» Your task
Each record here should be printed again exactly; please leave its pictures out.

» Data for the task
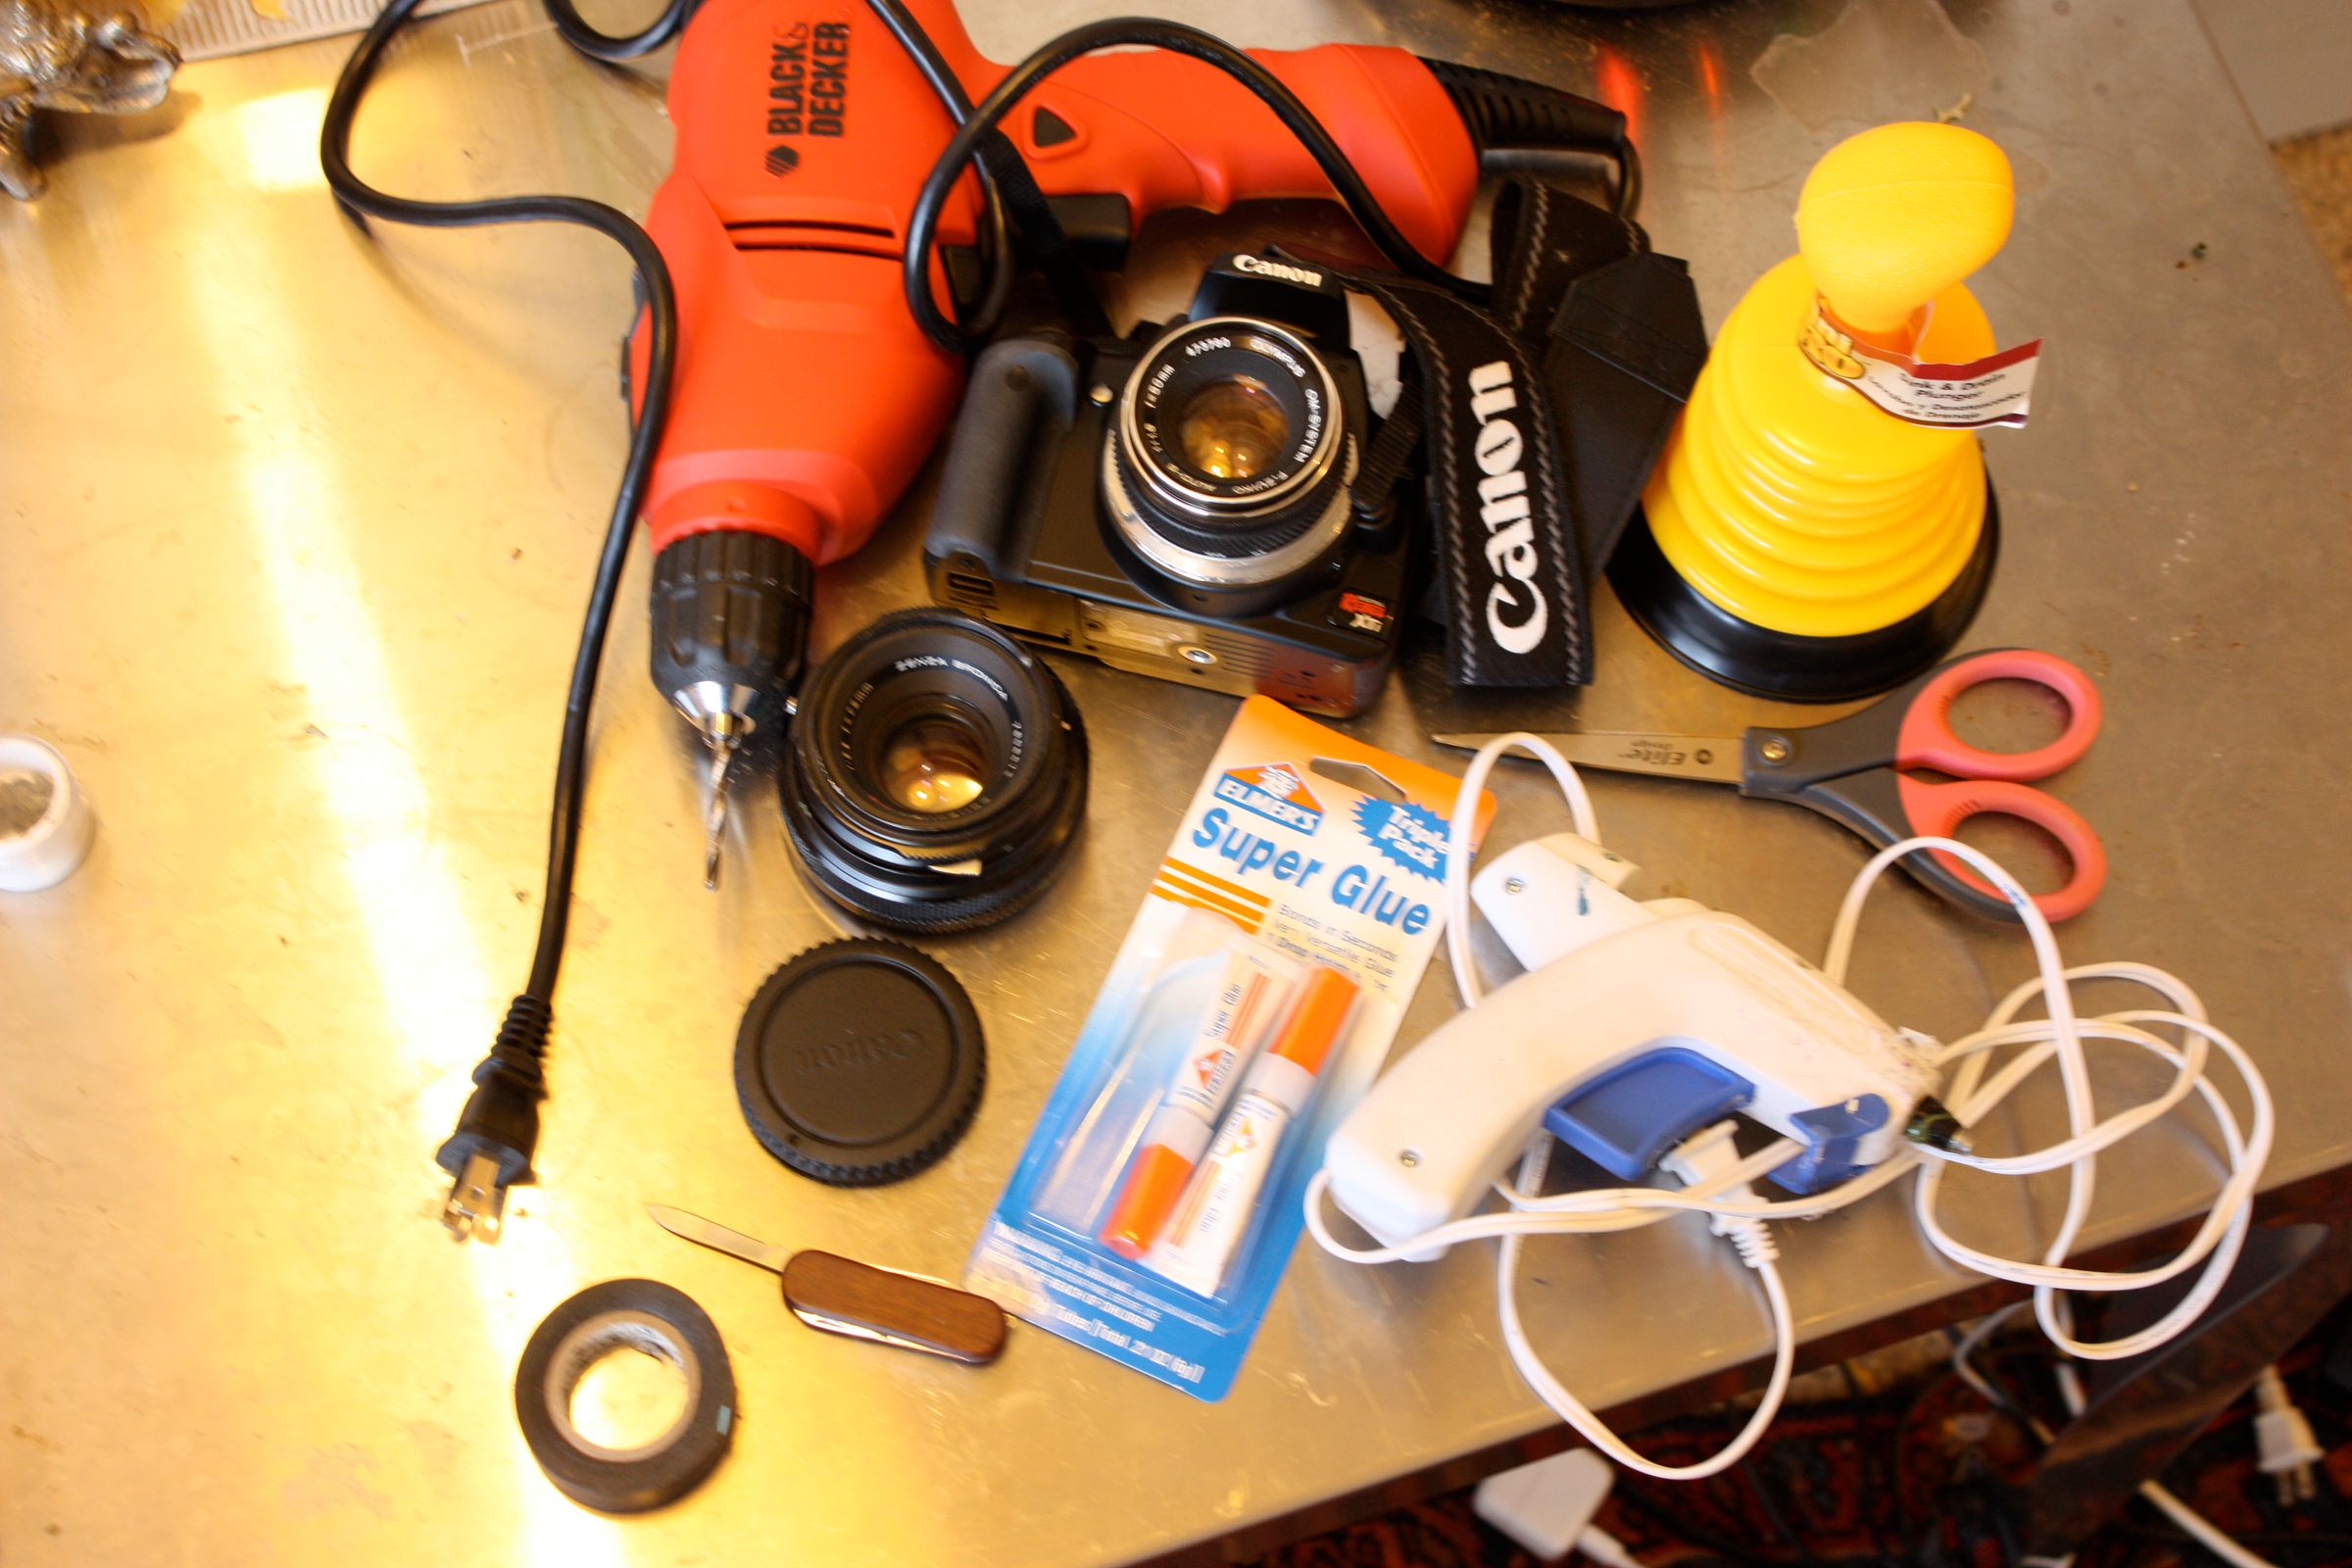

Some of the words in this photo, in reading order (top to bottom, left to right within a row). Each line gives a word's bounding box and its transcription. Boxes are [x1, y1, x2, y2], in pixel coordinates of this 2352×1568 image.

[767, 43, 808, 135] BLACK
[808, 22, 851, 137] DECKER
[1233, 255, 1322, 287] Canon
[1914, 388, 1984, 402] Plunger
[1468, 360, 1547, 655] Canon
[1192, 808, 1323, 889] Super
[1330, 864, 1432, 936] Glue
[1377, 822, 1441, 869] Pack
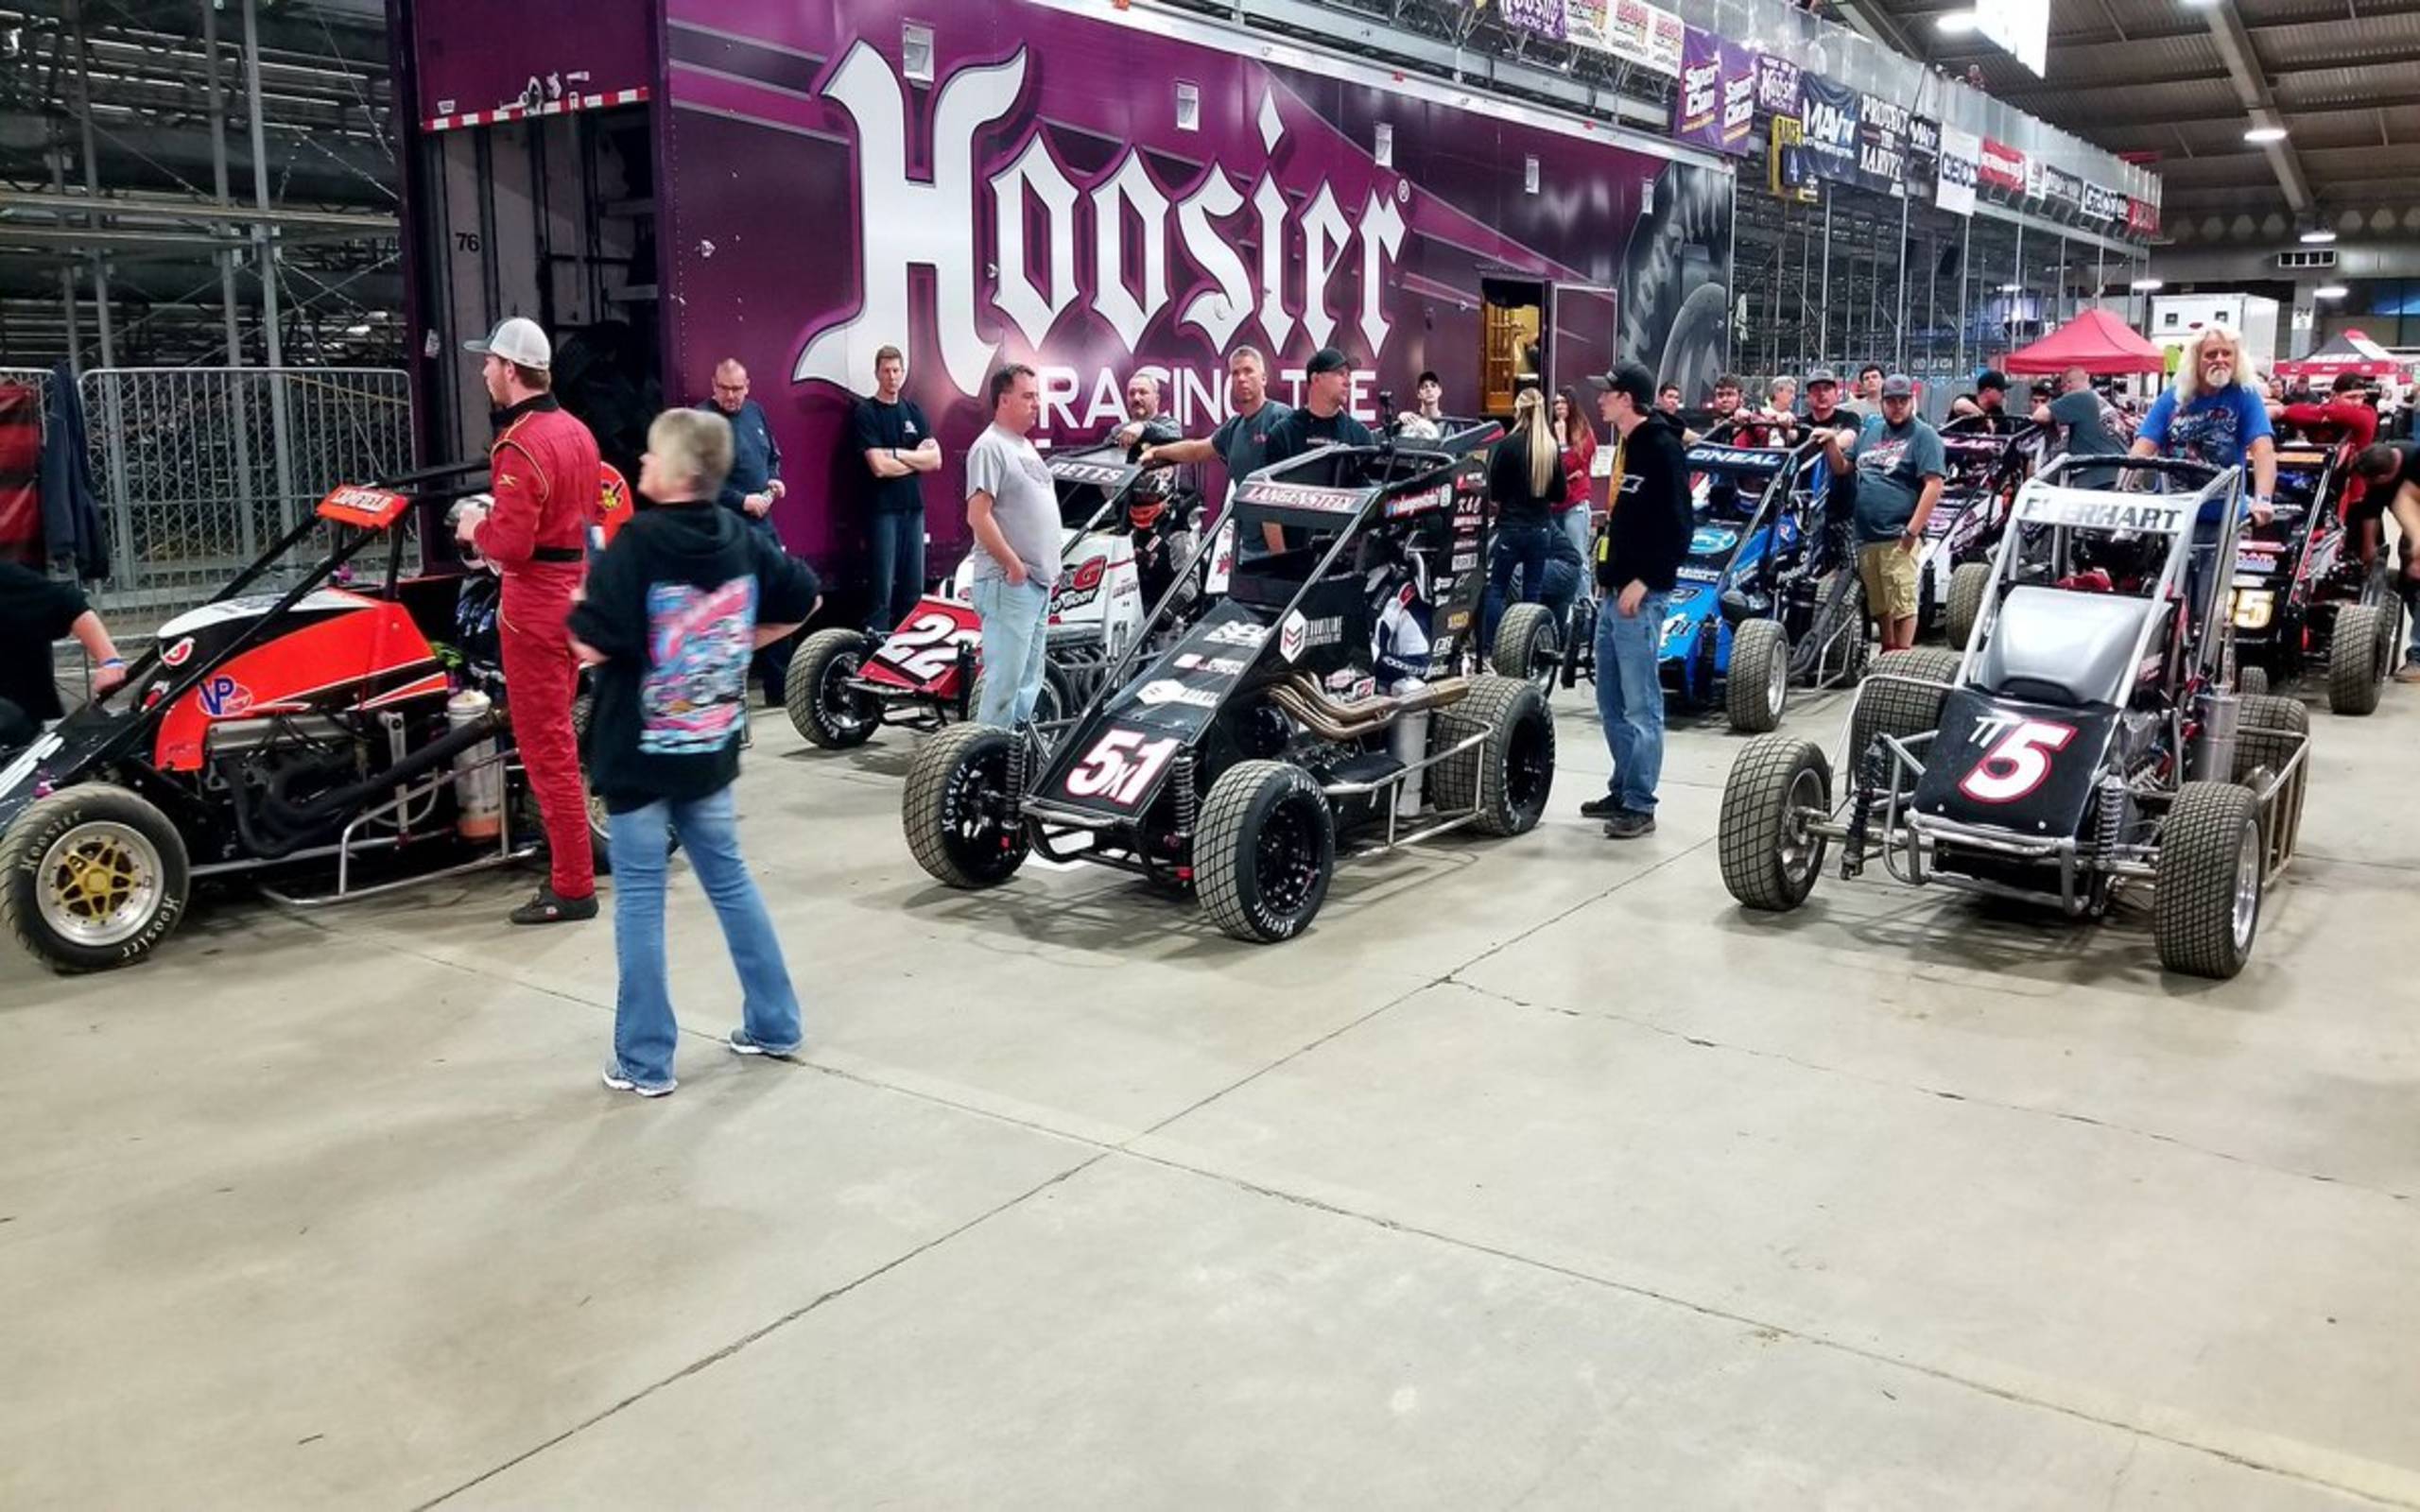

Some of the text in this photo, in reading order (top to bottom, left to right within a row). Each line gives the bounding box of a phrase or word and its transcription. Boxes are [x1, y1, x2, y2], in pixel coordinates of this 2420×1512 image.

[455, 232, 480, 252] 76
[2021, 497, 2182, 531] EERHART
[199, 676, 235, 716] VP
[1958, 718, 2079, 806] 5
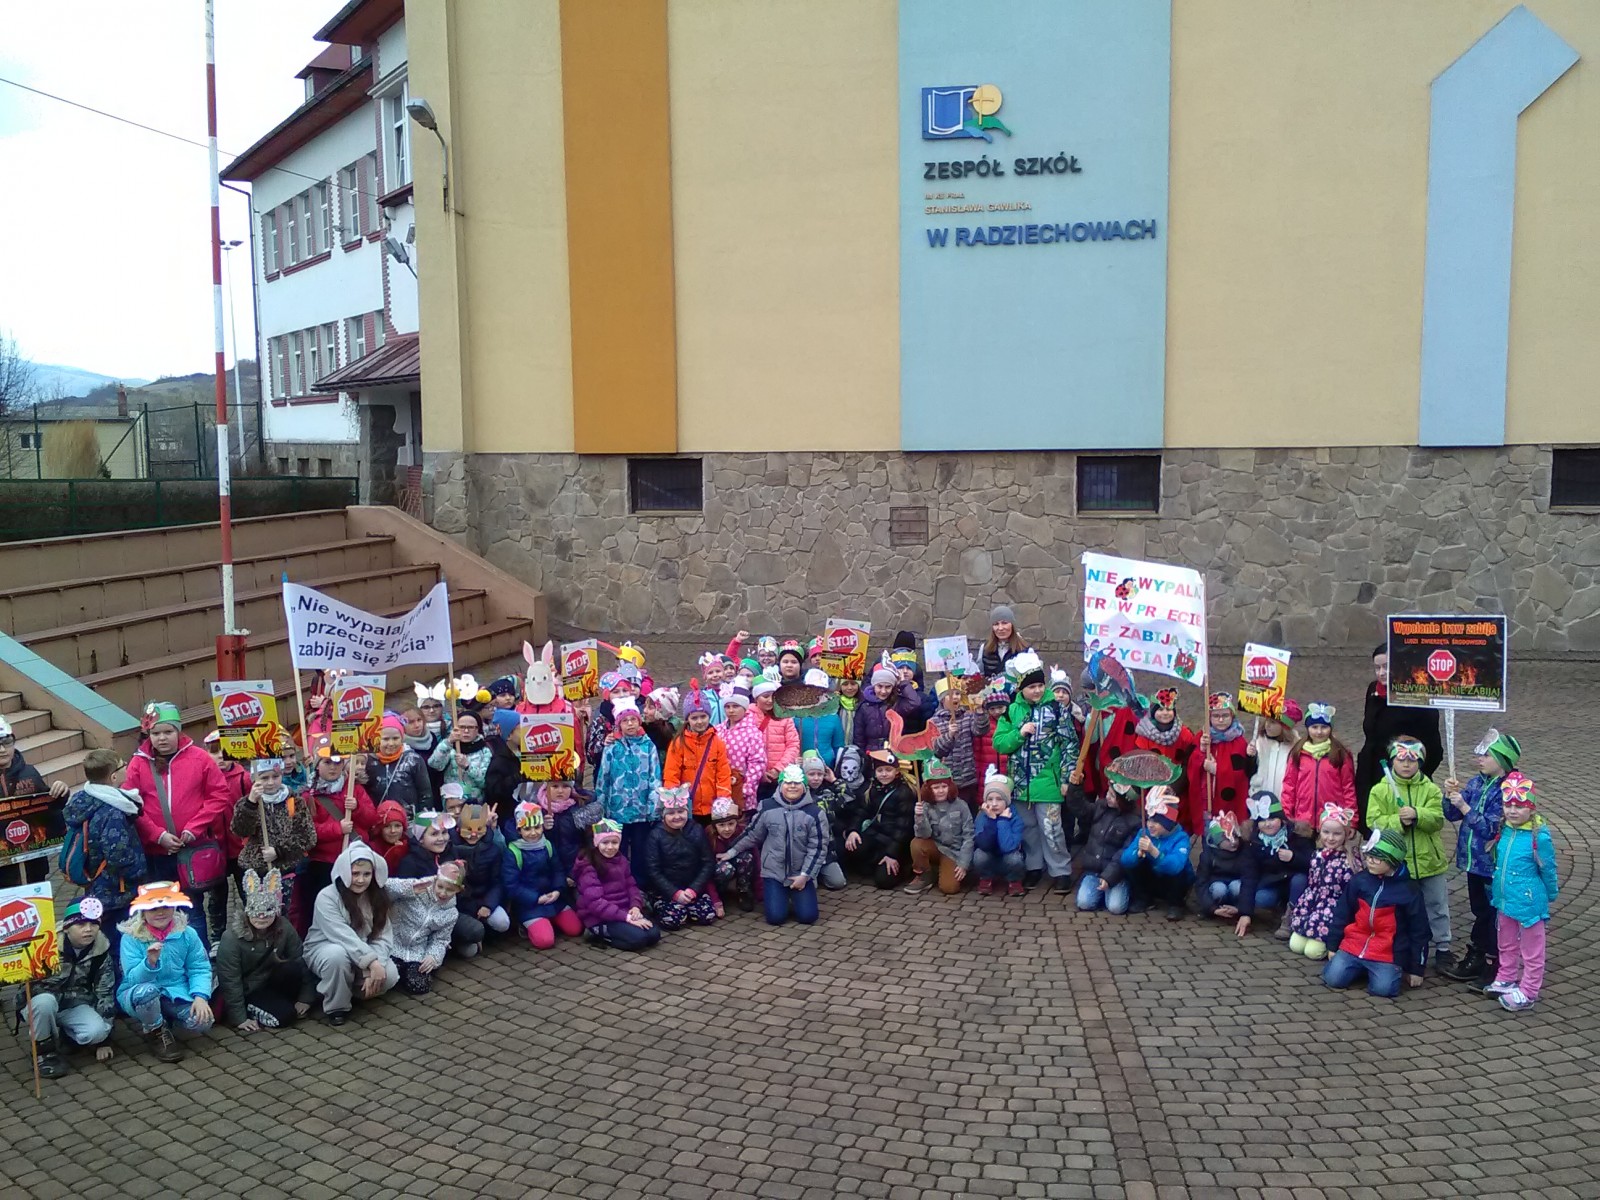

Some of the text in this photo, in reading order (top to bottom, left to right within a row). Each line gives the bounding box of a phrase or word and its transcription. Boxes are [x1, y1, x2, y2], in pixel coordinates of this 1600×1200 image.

» Result
Some of the words in this photo, in reading order (top to bottom, left to right within a row). Each line gives a word's bounding box and its transcription. Boxes are [x1, y1, x2, y2], in pixel coordinates of this 2352×1568 image.

[767, 43, 808, 135] BLACK
[808, 22, 851, 137] DECKER
[1233, 255, 1322, 287] Canon
[1914, 388, 1984, 402] Plunger
[1468, 360, 1547, 655] Canon
[1192, 808, 1323, 889] Super
[1330, 864, 1432, 936] Glue
[1377, 822, 1441, 869] Pack

Some of the text in this photo, in reading order (top to bottom, left to right within a row). Each line gives the bounding box of a phrase or word and its transcription. Boxes are [x1, y1, x2, y2], in pixel coordinates of this 2420×1512 image.

[455, 232, 480, 252] 76
[2021, 497, 2182, 531] EERHART
[199, 676, 235, 716] VP
[1958, 718, 2079, 806] 5

Some of the text in this photo, in reading order (top to bottom, left to right within a row). Each line gives the bounding box of a phrase or word and its transcription. Boxes are [x1, y1, x2, y2], in pixel coordinates of this 1600×1200 image.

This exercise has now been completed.